How do you like to spend your weekends, dear readers? Personally speaking, I like nothing better than to writhe about on the floor, weak as a kitten, in a pool of my own effluent. But I’m getting ahead of myself here.
Let’s rewind back to last Friday to get things in their proper perspective. Now after work I find myself in the company of Williams Nerd the Elder and our banter comes around to the question of memory, and more pacifically, the lessening of it as one is dragged screaming towards dotage.

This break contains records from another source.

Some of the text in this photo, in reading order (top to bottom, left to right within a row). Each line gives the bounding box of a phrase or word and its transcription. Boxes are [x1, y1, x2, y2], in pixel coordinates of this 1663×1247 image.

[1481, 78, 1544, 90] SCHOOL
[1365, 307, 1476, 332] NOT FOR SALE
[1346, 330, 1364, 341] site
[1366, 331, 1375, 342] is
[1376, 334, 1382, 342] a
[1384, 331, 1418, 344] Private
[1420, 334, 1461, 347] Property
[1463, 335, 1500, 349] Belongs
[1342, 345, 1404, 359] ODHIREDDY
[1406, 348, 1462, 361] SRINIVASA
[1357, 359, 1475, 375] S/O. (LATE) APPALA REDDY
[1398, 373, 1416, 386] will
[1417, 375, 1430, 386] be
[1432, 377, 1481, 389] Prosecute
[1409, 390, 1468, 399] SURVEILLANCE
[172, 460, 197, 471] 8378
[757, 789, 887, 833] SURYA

What better way, then, to see if us Old Uns still have it than by challenging each other to a staggering feat of memory the like of which would make proud the Homeric bards of the Pelopennessus or the brothers of the cold North chanting Kalevala against the long dark watch of the night. Thus it was that, both being fans of Roman history, we did challenge ourselves to commit to what little memory remains to us, the names and dates of the reigns of the first sixteen Emperors, and yes, you are right, there is far too much ‘of‘ in this sentence.

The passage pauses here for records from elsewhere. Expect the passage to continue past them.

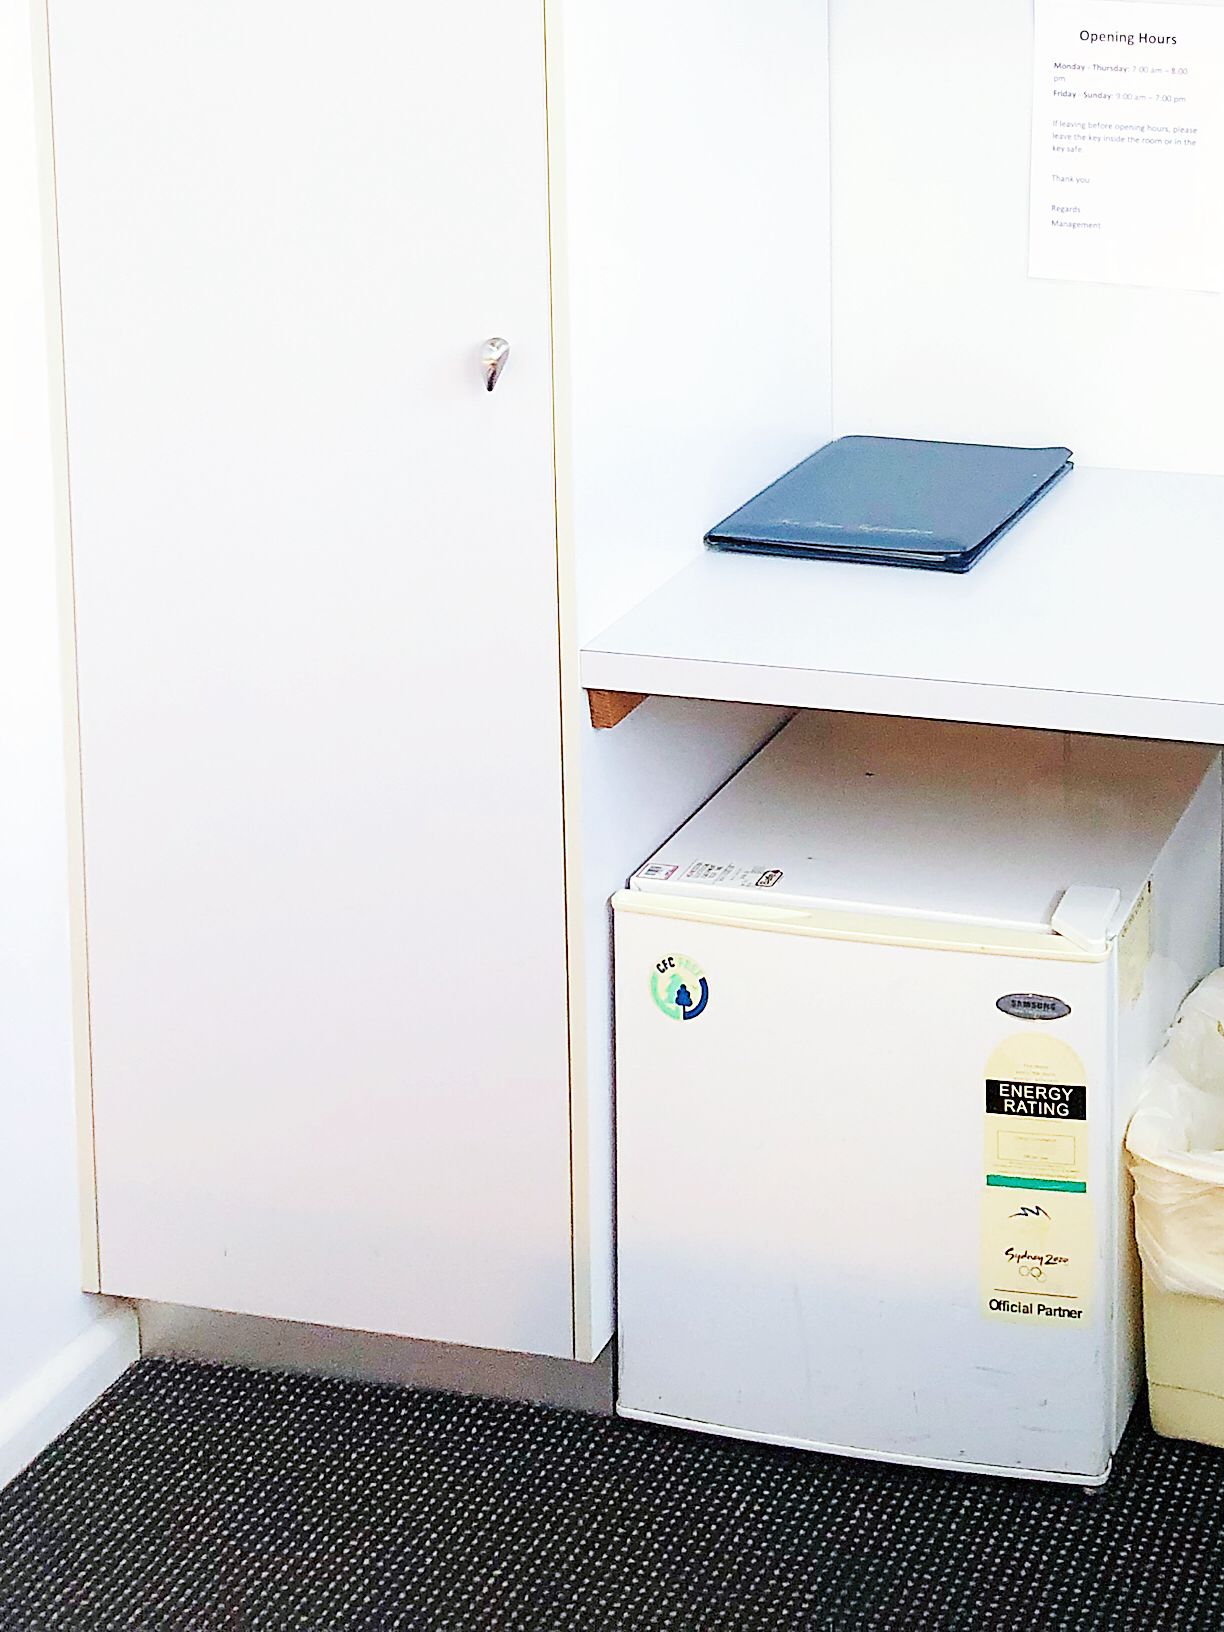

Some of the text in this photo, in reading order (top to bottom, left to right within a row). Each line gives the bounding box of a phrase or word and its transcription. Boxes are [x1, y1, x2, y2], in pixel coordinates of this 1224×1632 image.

[1079, 30, 1177, 46] Opening Hours
[1054, 62, 1085, 72] Monday
[1053, 75, 1066, 83] pm
[1053, 89, 1076, 99] Friday
[1060, 120, 1086, 129] leaving
[1088, 121, 1113, 129] before
[1115, 123, 1145, 133] opening
[1173, 126, 1198, 134] please
[1053, 132, 1072, 140] leave
[1088, 134, 1101, 142] key
[1103, 135, 1125, 143] inside
[1184, 138, 1196, 146] the
[1053, 145, 1065, 153] key
[1051, 175, 1074, 183] Thank
[1051, 205, 1080, 213] Regards
[1051, 220, 1101, 229] Management
[656, 956, 675, 973] CFC
[1011, 1000, 1056, 1011] SAMSUNG
[1000, 1084, 1073, 1101] ENERGY
[1004, 1099, 1069, 1116] RATING
[1004, 1247, 1043, 1266] Sydney
[989, 1299, 1083, 1318] Official Partner

Nerva the Nose - Forgotten Roman Emperors No.32
Later that night I was to be found in the galley, chef’s hat upon my pate at a jaunty angle, mug of Mount Gay rum in one hand and a huge meat cleaver in the other, preparing the evening repast whilst trying to grapple with Galba, negotiate with Nerva, calculating my Caligula and marking down my Marcus Aurelius. Ae you serious? Tiberius?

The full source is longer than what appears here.